Exercise objective:
Your task is to transcribe each record exactly and to omit every image.

[Stored data entries]
-------------------------

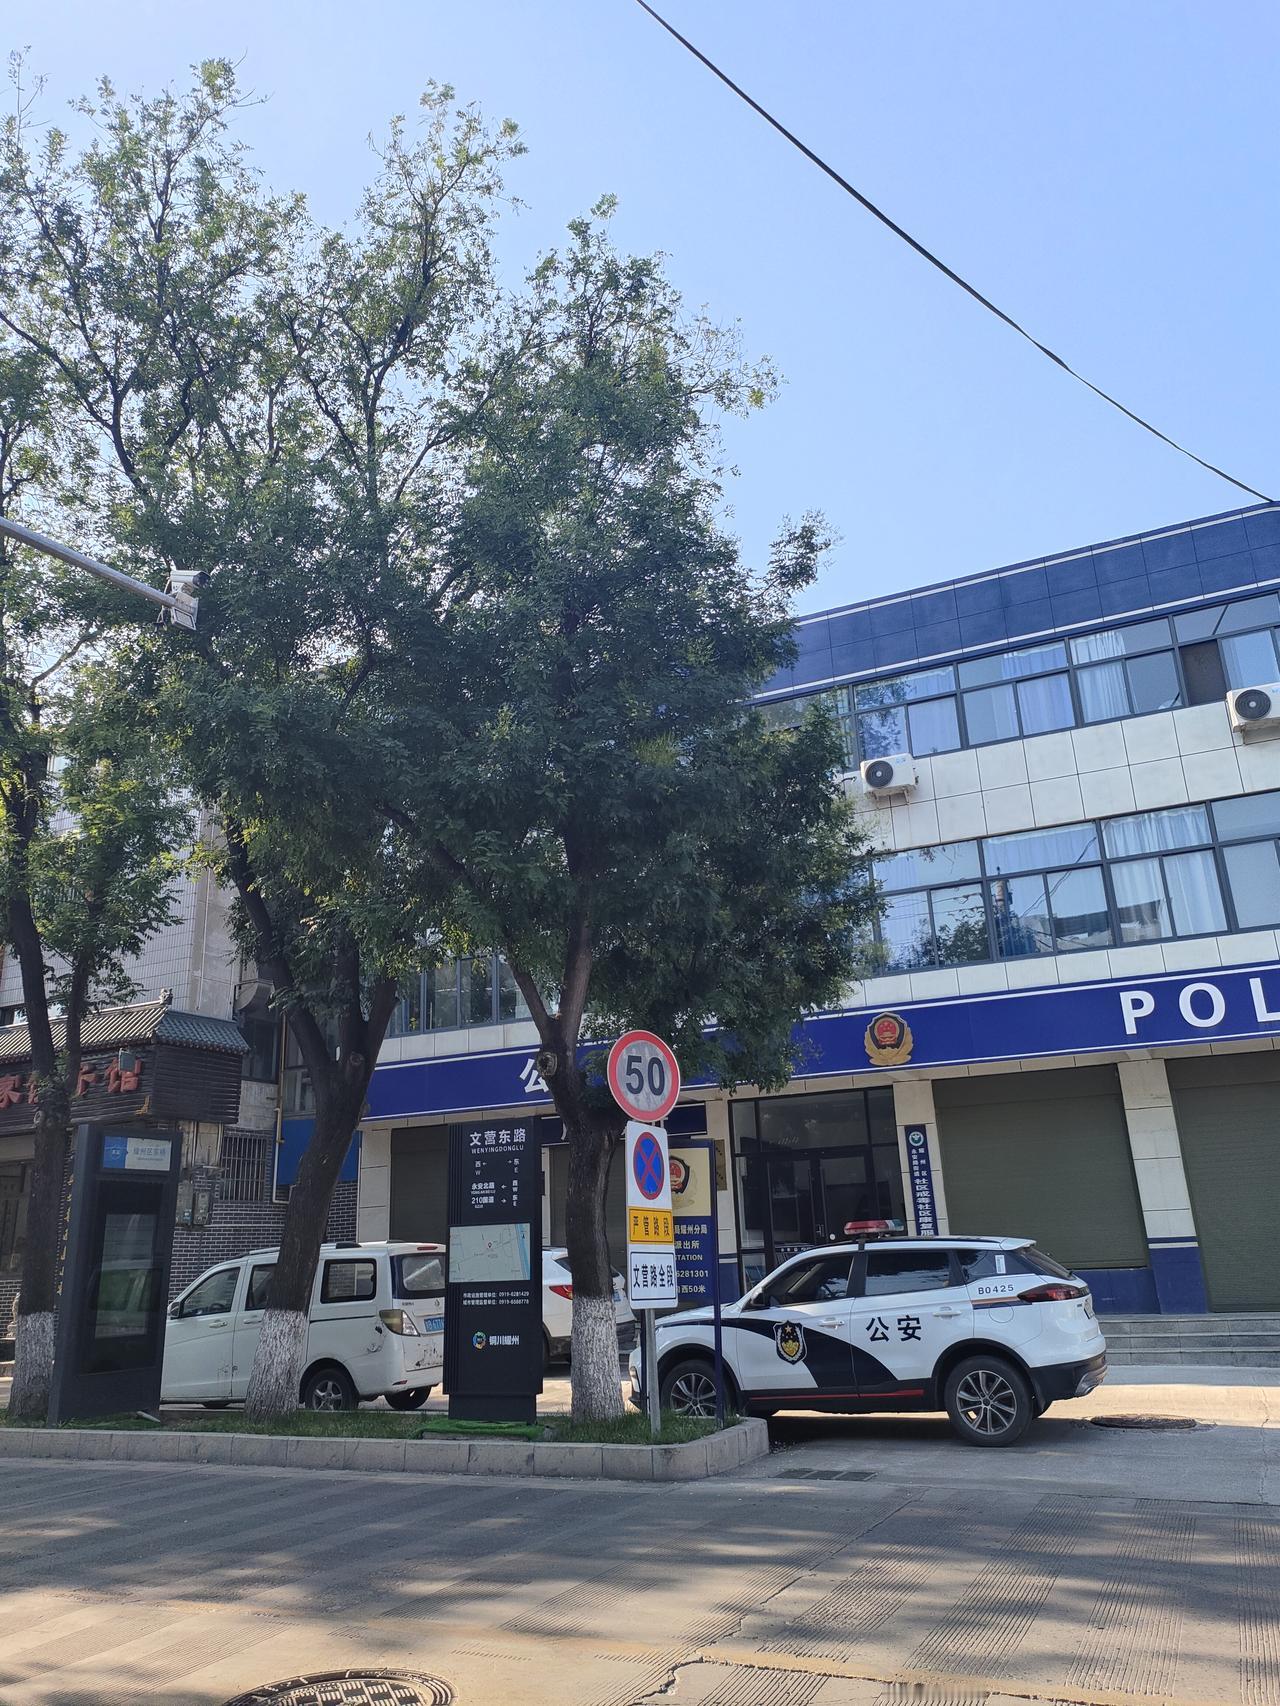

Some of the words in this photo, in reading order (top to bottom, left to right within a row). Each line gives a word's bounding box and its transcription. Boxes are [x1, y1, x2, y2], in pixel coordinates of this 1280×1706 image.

[1119, 977, 1280, 1036] POL
[625, 1055, 665, 1096] 50
[470, 1128, 526, 1146] 文营东路
[471, 1145, 524, 1154] WENYINGDONGLU
[633, 1215, 670, 1236] 严管路段
[633, 1264, 674, 1288] 文营路全段
[978, 1283, 1014, 1295] B0425
[865, 1314, 922, 1342] 公安

-------------------------

Result of the task:
Some of the words in this photo, in reading order (top to bottom, left to right within a row). Each line gives a word's bounding box and its transcription. Boxes are [x1, y1, x2, y2], in pixel coordinates of this 1280×1706 image.

[1119, 977, 1280, 1036] POL
[625, 1055, 665, 1096] 50
[470, 1128, 526, 1146] 文营东路
[471, 1145, 524, 1154] WENYINGDONGLU
[633, 1215, 670, 1236] 严管路段
[633, 1264, 674, 1288] 文营路全段
[978, 1283, 1014, 1295] B0425
[865, 1314, 922, 1342] 公安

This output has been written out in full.